In the study by Wei et al. that we discuss today, they go a step further and try to analyze the association between the degree of involvement of the PFL in patients undergoing the FET procedure for ATAAD and the incidence of SCI. Their hypothesis is that, since the SAs originate in the posterior part, the FET procedure will promote thrombosis of a greater number of these arteries if a greater proportion of the FL is located in a posterior position. The implication is that, because the FET procedure promotes FL thrombosis, patients with a greater number of segmental arteries originating from the FL will experience more SCI.

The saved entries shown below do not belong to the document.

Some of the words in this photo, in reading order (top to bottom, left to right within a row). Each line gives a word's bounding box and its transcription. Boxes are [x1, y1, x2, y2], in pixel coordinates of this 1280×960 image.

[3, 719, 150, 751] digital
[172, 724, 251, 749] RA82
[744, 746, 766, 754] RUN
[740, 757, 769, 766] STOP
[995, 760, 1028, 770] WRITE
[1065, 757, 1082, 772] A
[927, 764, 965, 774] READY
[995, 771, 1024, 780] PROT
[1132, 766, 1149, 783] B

One of the study’s limitations to highlight is the youth of the operated patients and that they were operated on by experienced surgeons. Although this was a retrospective study conducted at a single center, it has great merit, as they were able to collect image data from a cohort of 544 patients undergoing ATAAD repair. Wei et al. found a significantly higher incidence of postoperative SCI (7.3%) among patients with PFL in more than 3 spinal segments, compared with the cohort with PFL in 2 segments or less (1.9%). This very explicit association has been demonstrated for the first time. Furthermore, they discovered that moderate hypothermia is protective against postoperative paraplegia.

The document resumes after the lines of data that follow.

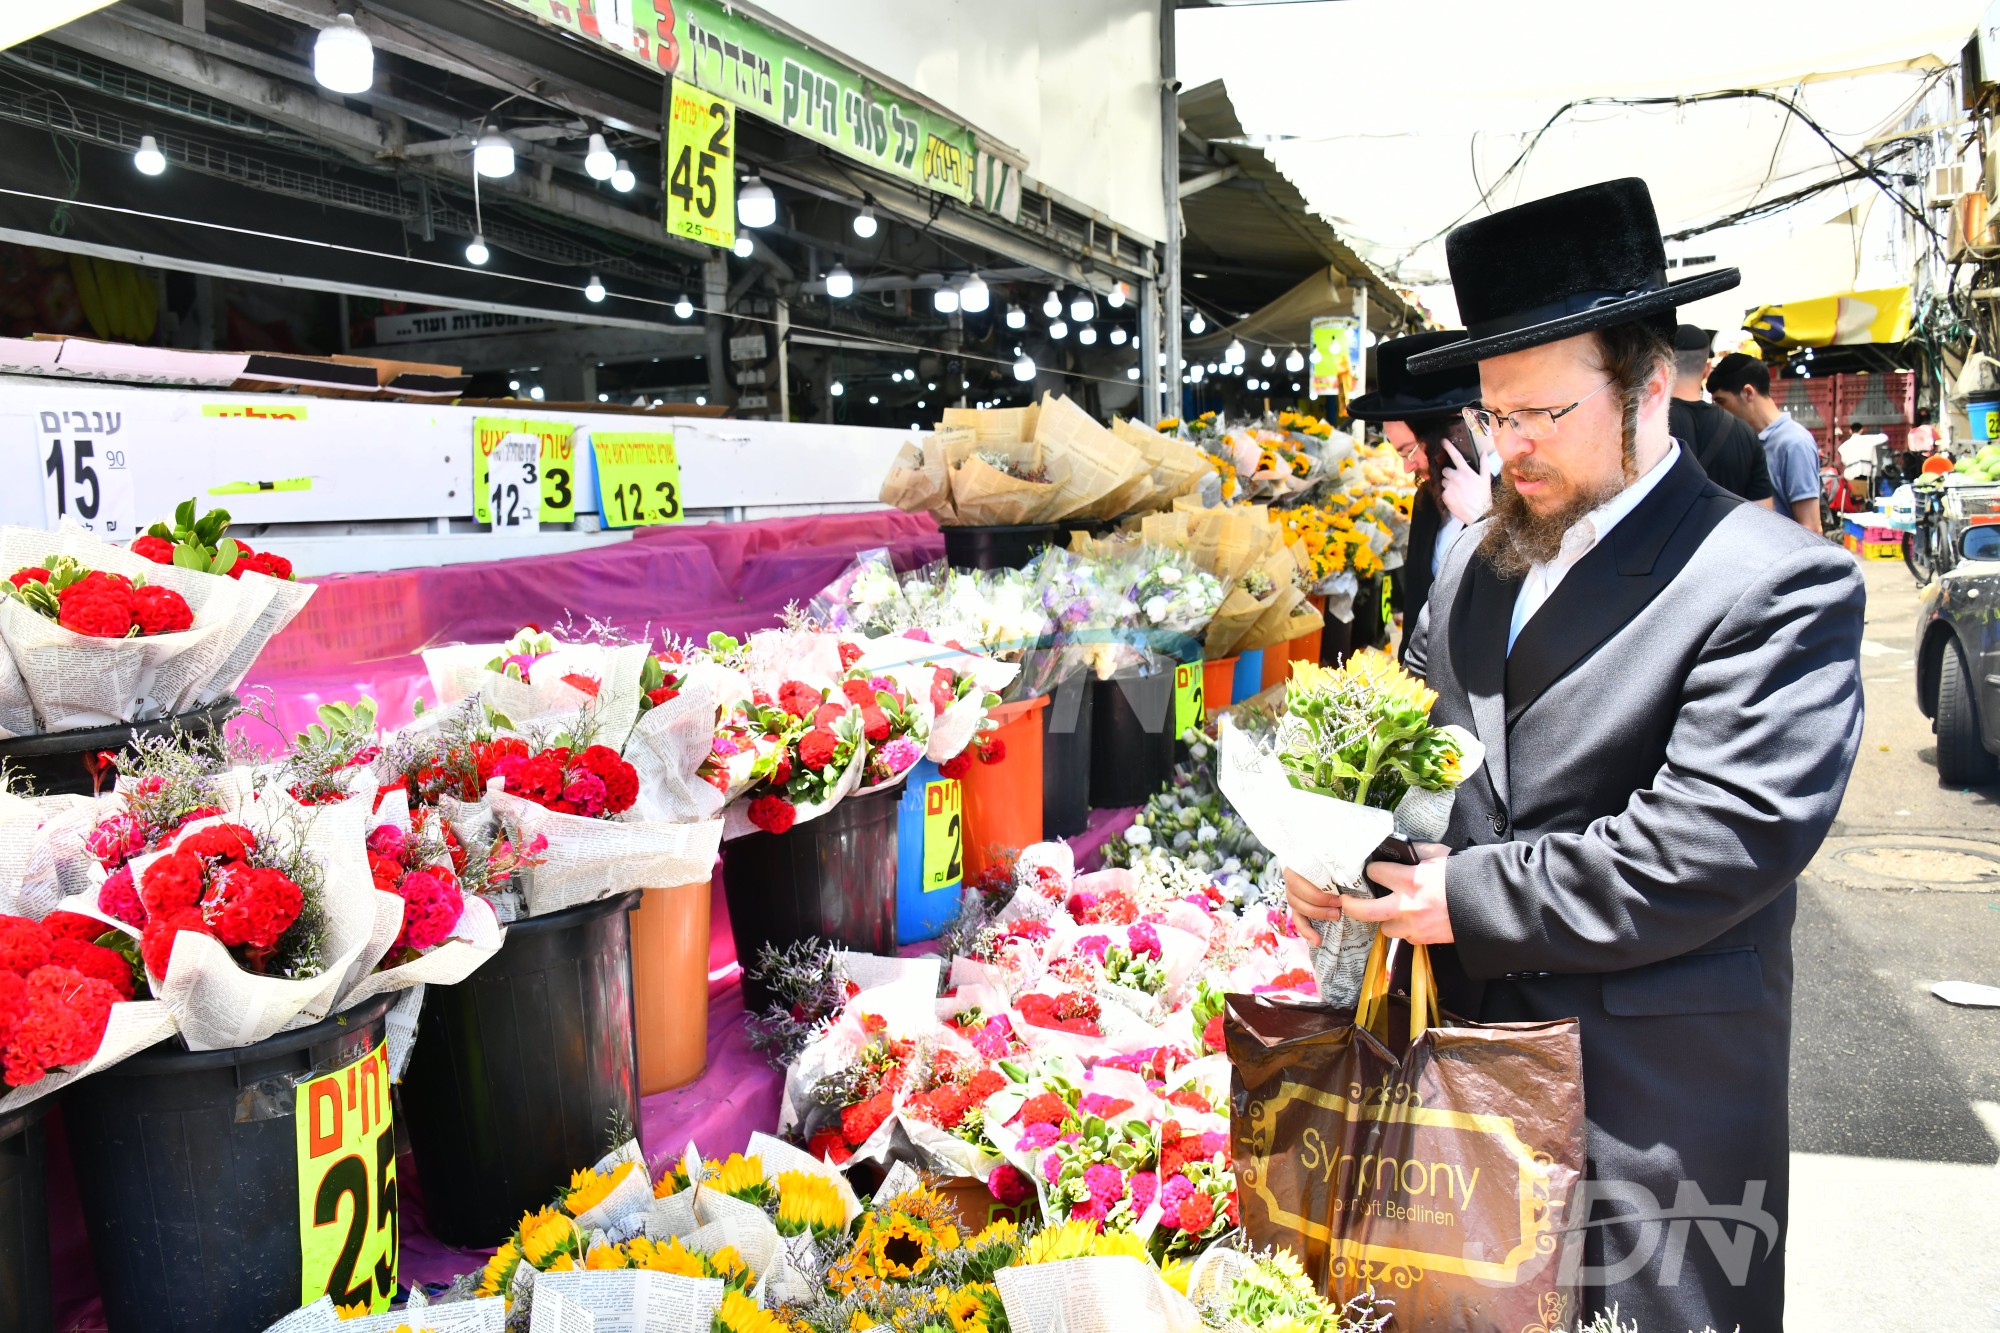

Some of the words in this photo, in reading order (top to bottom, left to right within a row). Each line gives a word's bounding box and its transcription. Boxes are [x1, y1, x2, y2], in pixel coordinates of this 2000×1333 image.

[689, 23, 772, 106] מהדרין
[783, 57, 839, 137] הירק
[708, 102, 731, 158] 2
[844, 88, 888, 157] סוגי
[891, 104, 919, 171] כל
[670, 145, 717, 219] 45
[686, 221, 702, 236] 25
[40, 411, 121, 435] ענבים
[46, 439, 100, 520] 15
[106, 450, 125, 468] 90
[522, 463, 538, 484] 3
[544, 468, 572, 509] 3
[491, 484, 520, 526] 12
[614, 483, 645, 521] 12
[655, 481, 679, 518] 3
[314, 1122, 397, 1308] 25
[1386, 1200, 1454, 1226] Bedlinen

The relevance of this study lies in that its results validate for the first time the idea that acute thrombosis of a significant number of SAs after the FET procedure can trigger SCI. This conclusion suggests that the risk of SCI could be assessed by a detailed review of preoperative computed tomography (CT). The surgical planning of ATAAD through a thorough review of CT is crucial; however, this study provides us with another variable of utmost importance to consider in surgical decision-making. If an increase in the presence of PFL is observed, avoiding the FET procedure, opting for revascularization of the left subclavian artery, or adopting a more aggressive approach in spinal cord protection strategies during the procedure and in the Intensive Care Unit might be considered. On the other hand, if the presence of PFL is minimal, proceeding with the FET operation in patients with marginal indications for extended aortic arch repair might be justified, given its presumed long-term benefits. The upcoming randomized controlled trial, Hemiarch vs Extended Arch in Type 1 Aortic Dissection (HEADSTART; NCT03885635), which will compare standard hemiarch surgery with extended aortic arch surgery in patients with ATAAD type I from DeBakey, will surely shed light on many of the uncertainties related to the FET procedure. Meanwhile, we will continue applying common sense based on the available evidence.
REFERENCE:
Wei J, Hu Z, Wang W, Ding R, Chen Z, Yuan X, Xu F. Posterior False Lumen and Paraplegia After FET Procedure in Acute Type A Aortic Dissection. Ann Thorac Surg. 2024 Jun;117(6):1136-1143. doi: 10.1016/j.athoracsur.2024.01.026.